Тогда я попробовал осторожно намекнуть, глядя на лампу с ее шуршащим королевством насекомых:
— Симпатичная парочка! Никто не ответил.
Пани Мария тронула пальцами салфетку.
— Геня, — сказала она, — даст Бог, скоро обручится.
Фридерик, который все еще катал хлебные шарики, спросил с вежливым любопытством, не прерывая своего занятия:
— Да? С кем-нибудь из соседей?
— Конечно… Сосед. Вацлав Пашковский из Руды. Недалеко отсюда. Часто к нам заезжает. Очень порядочный человек. Исключительно порядочный, — ее пальцы затрепетали.
— Юрист, понимаешь, — Ипполит оживился, — перед войной должен был открыть контору… Толковый парень, серьезный, мозговитый, что тут говорить, образованный! Его мать — вдова, в Руде хозяйничает, первоклассное имение у них, шестьдесят влук, три мили отсюда.
— Святая женщина.
— Она из Восточной Малой Польши, урожденная Тшешевская, родственница Голуховских.
— Генька немного молода… но лучшего кандидата трудно найти.
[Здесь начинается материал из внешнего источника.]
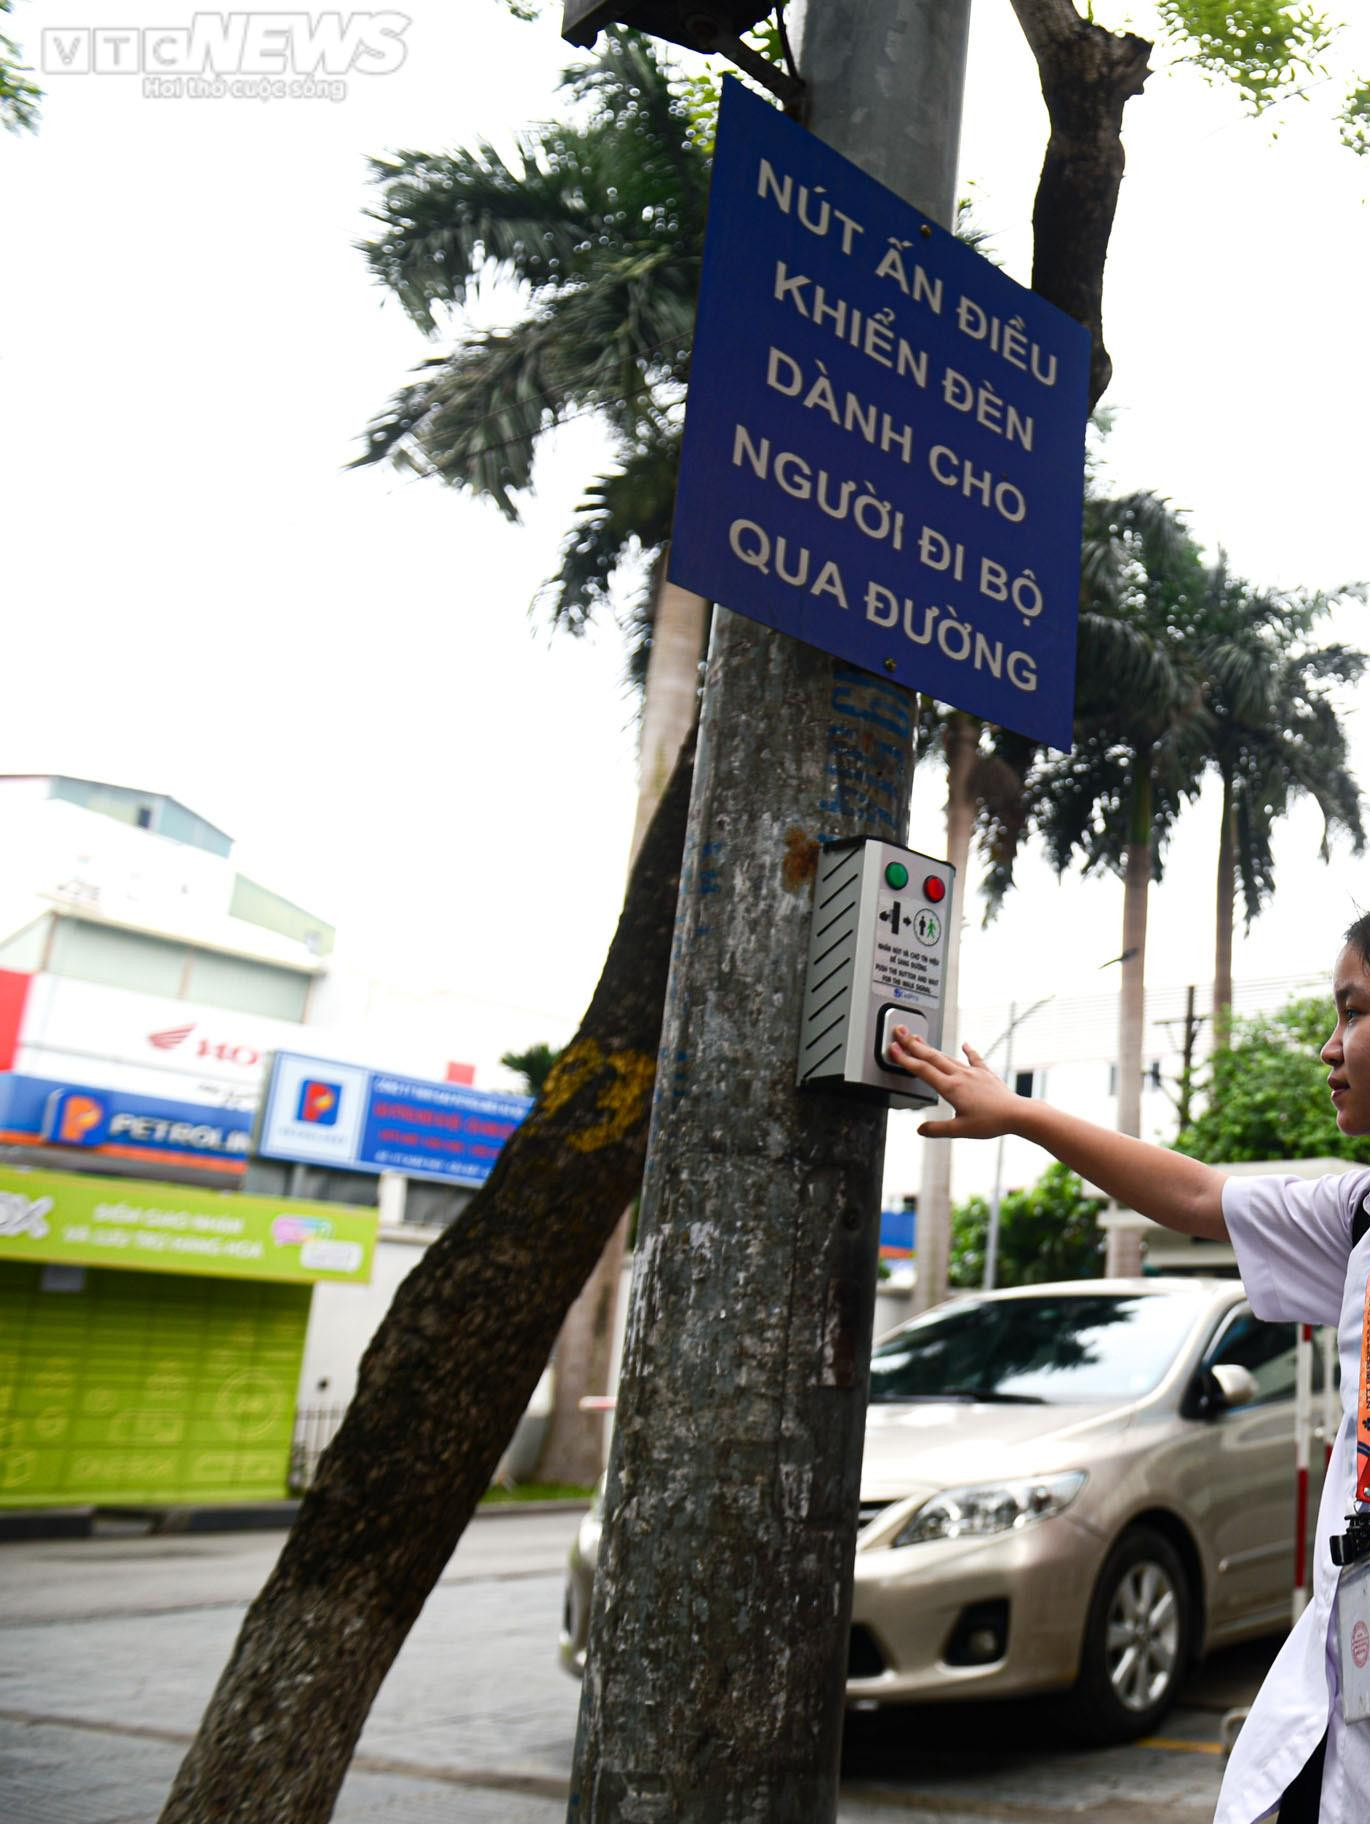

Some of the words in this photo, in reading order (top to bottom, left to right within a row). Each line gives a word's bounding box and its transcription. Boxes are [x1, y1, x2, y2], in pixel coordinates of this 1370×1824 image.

[757, 157, 864, 255] NÚT
[875, 237, 942, 314] ẤN
[957, 296, 1057, 386] ĐIỀU
[774, 260, 928, 387] KHIỂN
[942, 367, 1033, 452] ĐÈN
[732, 424, 904, 550] NGƯỜI
[918, 526, 963, 581] ĐI
[979, 557, 1043, 627] BỘ
[766, 346, 912, 463] DÀNH
[928, 445, 1026, 523] CHO
[729, 519, 848, 608] QUA
[864, 581, 1037, 692] ĐƯỜNG
[875, 963, 888, 971] PUSH
[889, 967, 897, 975] THE
[899, 970, 916, 980] BUTTON
[917, 975, 927, 983] AND
Надежный, способный, высокообразованный человек, интеллект, господа, выдающийся, так что после его приезда вам будет с кем поговорить.
— Честный и благородный. Исключительной нравственной чистоты. В мать пошел. Необыкновенная женщина, искренне верующая, почти святая — с твердыми католическими принципами. Руда — это для всех моральная твердыня.
— По крайней мере, не сброд какой-то. Люди известные.
— По крайней мере, знаем, за кого дочь отдаем.
— Слава Богу.
— Была не была. Генька за хорошего человека выйдет. Была не была, — прошептал он про себя во внезапной задумчивости.